Ethan still told me to get lost.
He said I was dirty. He said a woman who worked in an upscale karaoke lounge couldn’t possibly be a decent woman.
He also said he’d only touched me because he’d been drunk out of his mind that night. Otherwise, it never would have happened.
I could only keep sighing.
There went my golden ticket. Sob.
Still, I’d done pretty well for myself that night.
Including what he spent on drinks, I’d made a total of 1.26 million dollars off Ethan.
I took the extra sixty grand and used it for my dad’s medical treatment.
The money wasn’t even gone before he died.
After he passed, my mother cried, screamed, and made the whole house miserable.
When I finally asked what was wrong, I found out she was pregnant with his posthumous child.
Chapter 3
Chapter 3
She sobbed and said, “Your father died too early. If he’d known there was finally going to be a son in my belly, maybe the shock of happiness would’ve kept him alive.”
I looked at the six younger sisters already crowding our house and tried to persuade her to terminate the pregnancy.
She refused.
She insisted on giving birth to this precious heir, as if there were some great family legacy waiting for him beyond a pile of old dishes and broken furniture.
I was at my wit’s end and half wanted to run.
But then my six little sisters looked up at me with those wide, pleading eyes.
“Rose…”
“Rose…”
My sisters were adorable—obedient, gentle, easy to love.
And I truly didn’t want them growing up only to follow my path, picking up shifts at some karaoke lounge just to survive.
So I took eight hundred thousand dollars and bought two neighboring houses in our small town.
My six sisters and I moved in together. We lived off my savings, and for a while, life was actually pretty comfortable.
But.
I’m the kind of person who always thinks ahead.

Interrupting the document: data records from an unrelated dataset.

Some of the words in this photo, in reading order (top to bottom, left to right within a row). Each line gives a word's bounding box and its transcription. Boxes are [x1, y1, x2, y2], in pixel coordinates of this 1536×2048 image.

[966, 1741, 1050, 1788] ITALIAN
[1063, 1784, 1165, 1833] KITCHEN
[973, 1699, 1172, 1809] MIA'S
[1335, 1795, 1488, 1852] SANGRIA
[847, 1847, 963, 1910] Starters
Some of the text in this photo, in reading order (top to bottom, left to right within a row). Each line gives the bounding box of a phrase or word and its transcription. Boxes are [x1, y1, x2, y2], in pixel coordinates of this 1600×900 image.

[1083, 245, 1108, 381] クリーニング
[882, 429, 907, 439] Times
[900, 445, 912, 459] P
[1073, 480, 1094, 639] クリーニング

Savings run out eventually. And I was just an ordinary female college student. Once I graduated, I’d probably end up in some dead-end office job making a pathetic monthly salary.
So I made up my mind.
While I was still young, while my looks still had value, I was going to go back to that karaoke lounge and land a few more whales.
One big score, and I’d be out for good.
In an upscale karaoke lounge, you met every kind of man there was.

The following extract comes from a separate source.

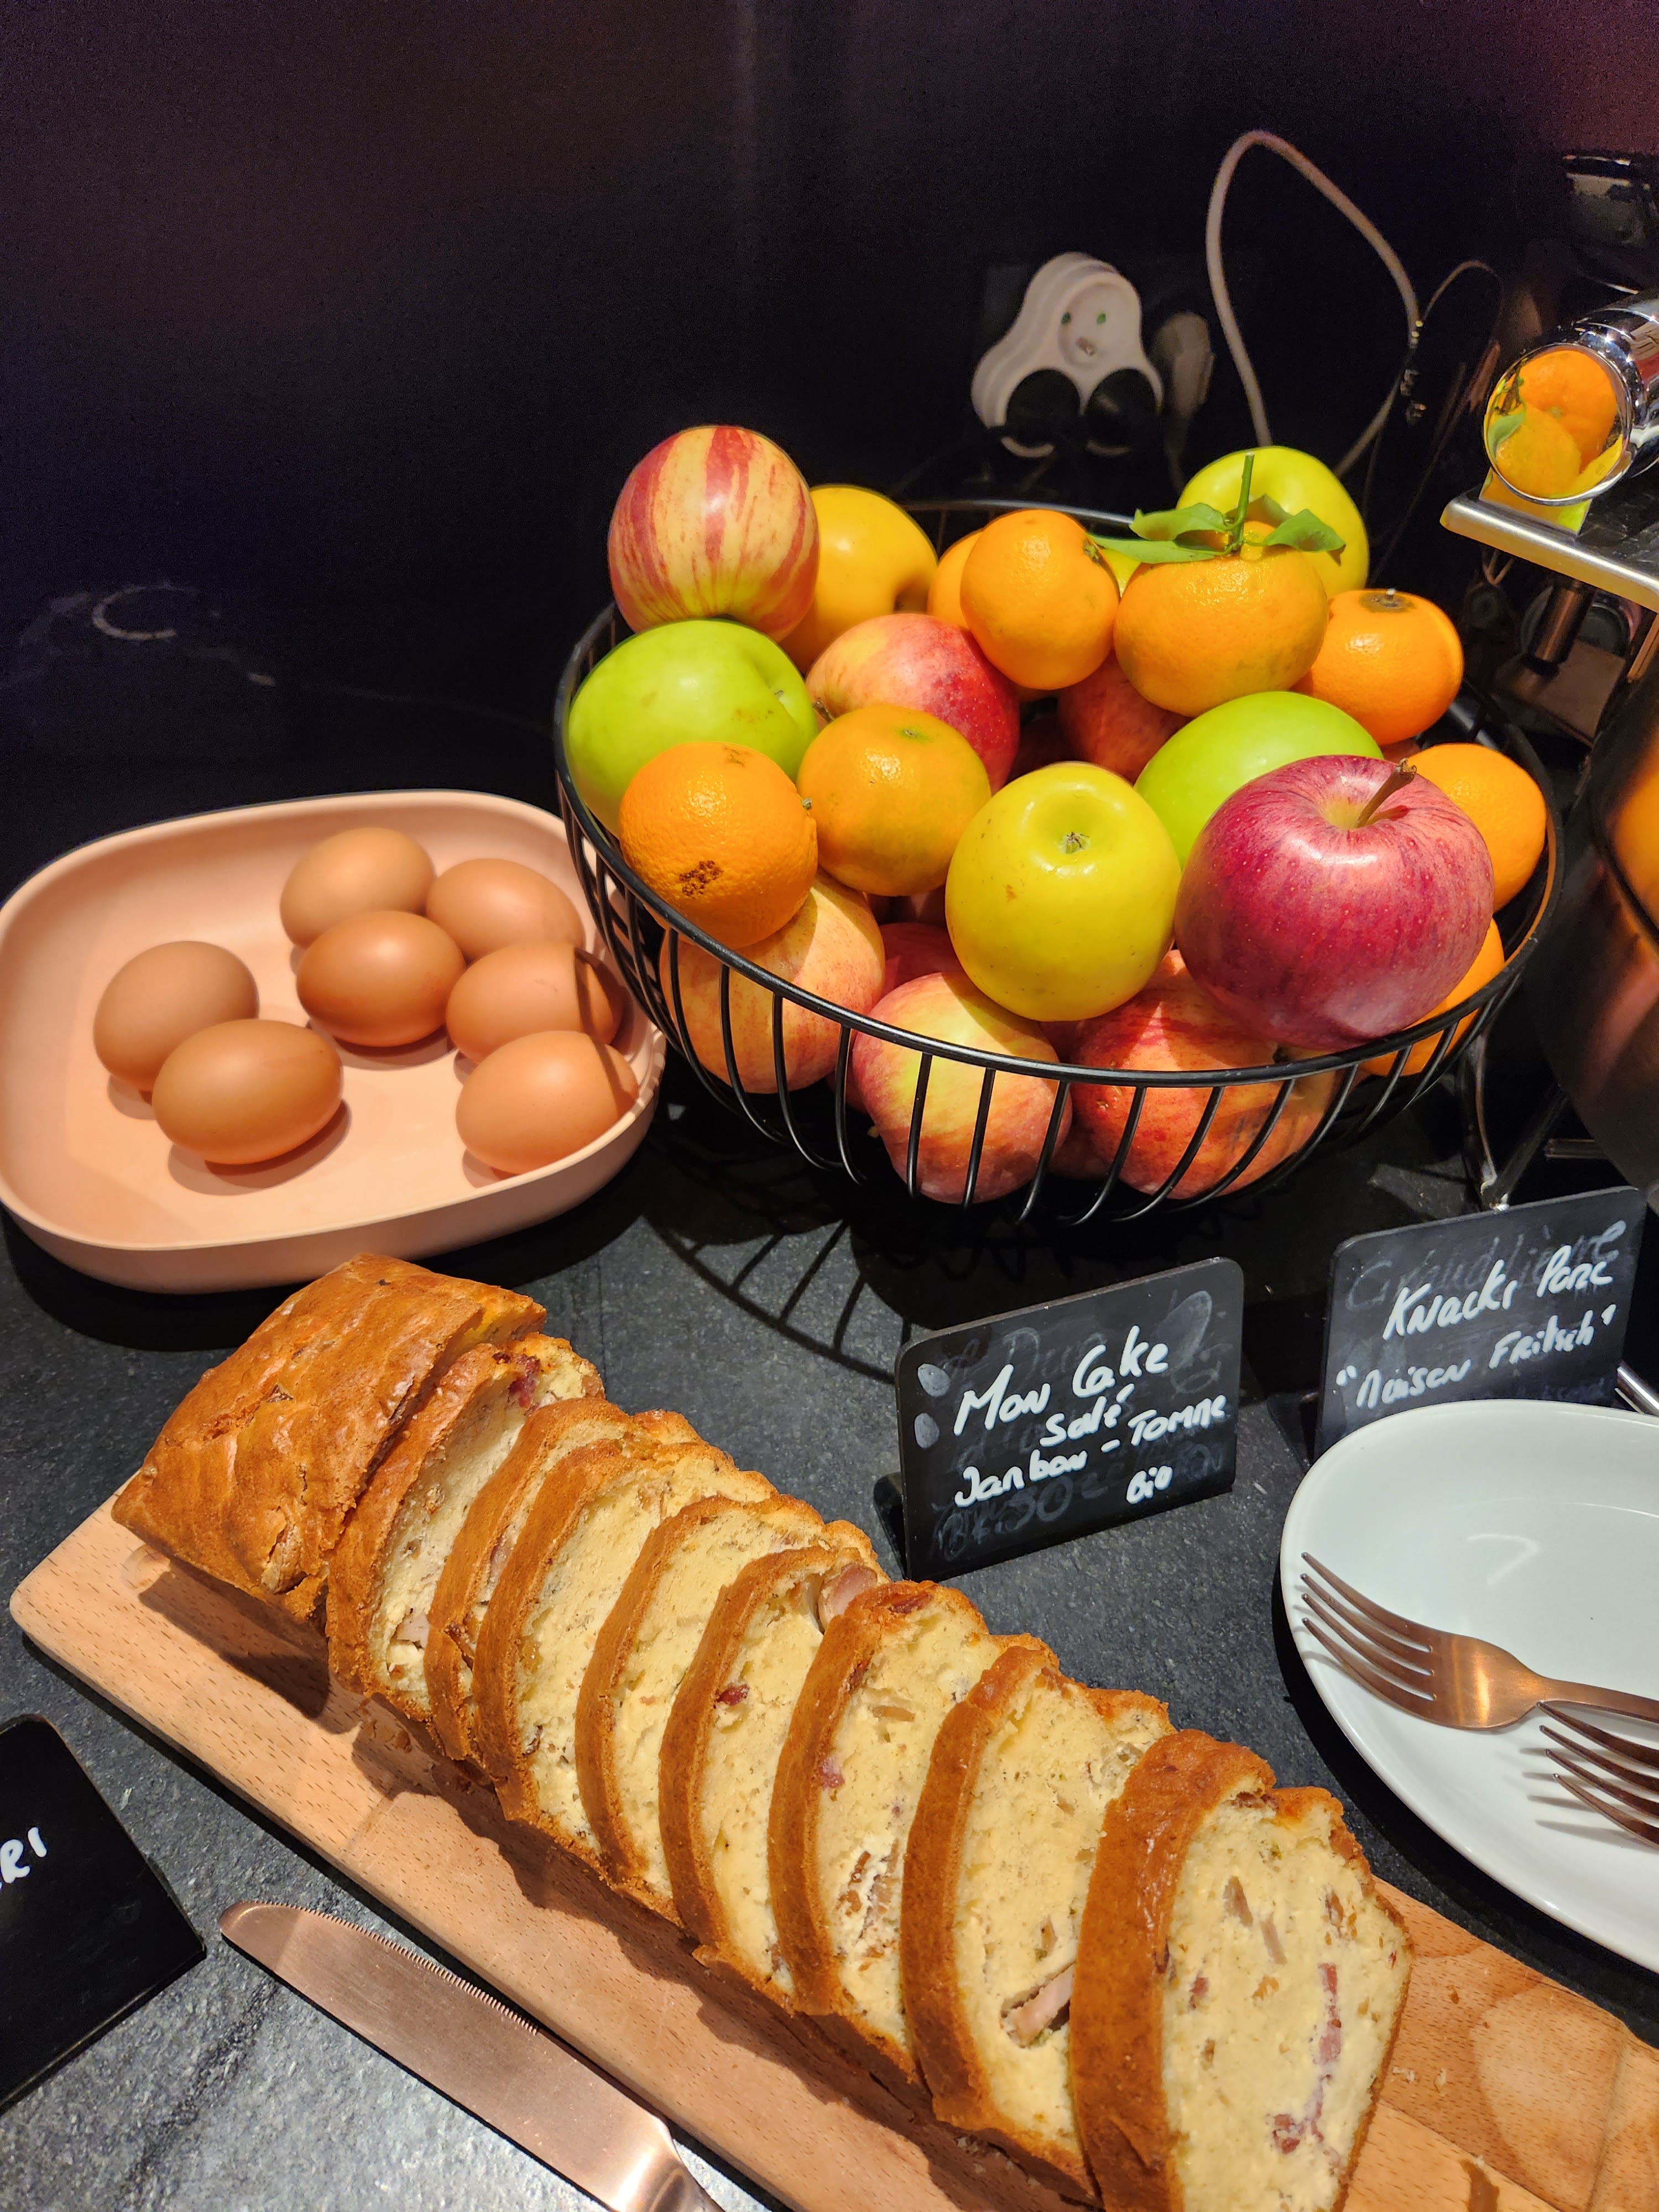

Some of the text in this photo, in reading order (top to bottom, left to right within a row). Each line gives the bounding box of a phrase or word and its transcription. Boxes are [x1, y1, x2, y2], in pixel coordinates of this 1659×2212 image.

[953, 1363, 1051, 1436] Mon
[1072, 1324, 1168, 1398] Cake
[1126, 1465, 1173, 1505] Bio

One of them was a washed-up guy in his forties who asked me why I did this kind of work.
“I need money,” I told him.
He said he could give me money.
So I asked, “How much a month?”
He said, “Three grand. Room and board included. But you’d better keep me happy. And you’d have to cook, do laundry, and ideally take care of my eighty-year-old mother too.”
I told him to get lost.
He said I was shallow. Then he actually had the nerve to say, “I don’t even mind that you’re dirty. I’m willing to help you get out for good, and this is how you treat the man saving your life?”
I said, “I just think you’re too small.”
His face tightened instantly. Then he sneered. “Too small? I think you’re the one who’s too loose. Fine. I’ll throw in another two hundred. Thirty-two hundred total. Come with me and I’ll make sure you live easy.”

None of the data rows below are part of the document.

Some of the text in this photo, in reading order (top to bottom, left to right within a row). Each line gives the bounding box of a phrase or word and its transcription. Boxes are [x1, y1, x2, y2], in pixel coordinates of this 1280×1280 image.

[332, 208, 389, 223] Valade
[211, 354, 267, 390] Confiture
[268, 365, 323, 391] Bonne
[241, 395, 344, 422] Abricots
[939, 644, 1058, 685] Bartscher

“I think you’re too small.”
Now he was furious. “Do you even know what matters most for a woman? Her reputation! I’m a teacher. If you came with me, everyone would call you Mrs. Williams with respect!”
“I think you’re too small.”
He was practically foaming at the mouth. “Do you know any other line besides that?”
“Yes,” I said. “Three thousand is too little. Make it three million.”
“Go to hell!”
I smiled. “Your mother probably thinks you’re too small too.”
That did it.
Humiliated and enraged, he slapped me across the face.
My head rang from the hit.
But honestly, it wasn’t even surprising. In a place like that, you saw every kind of man.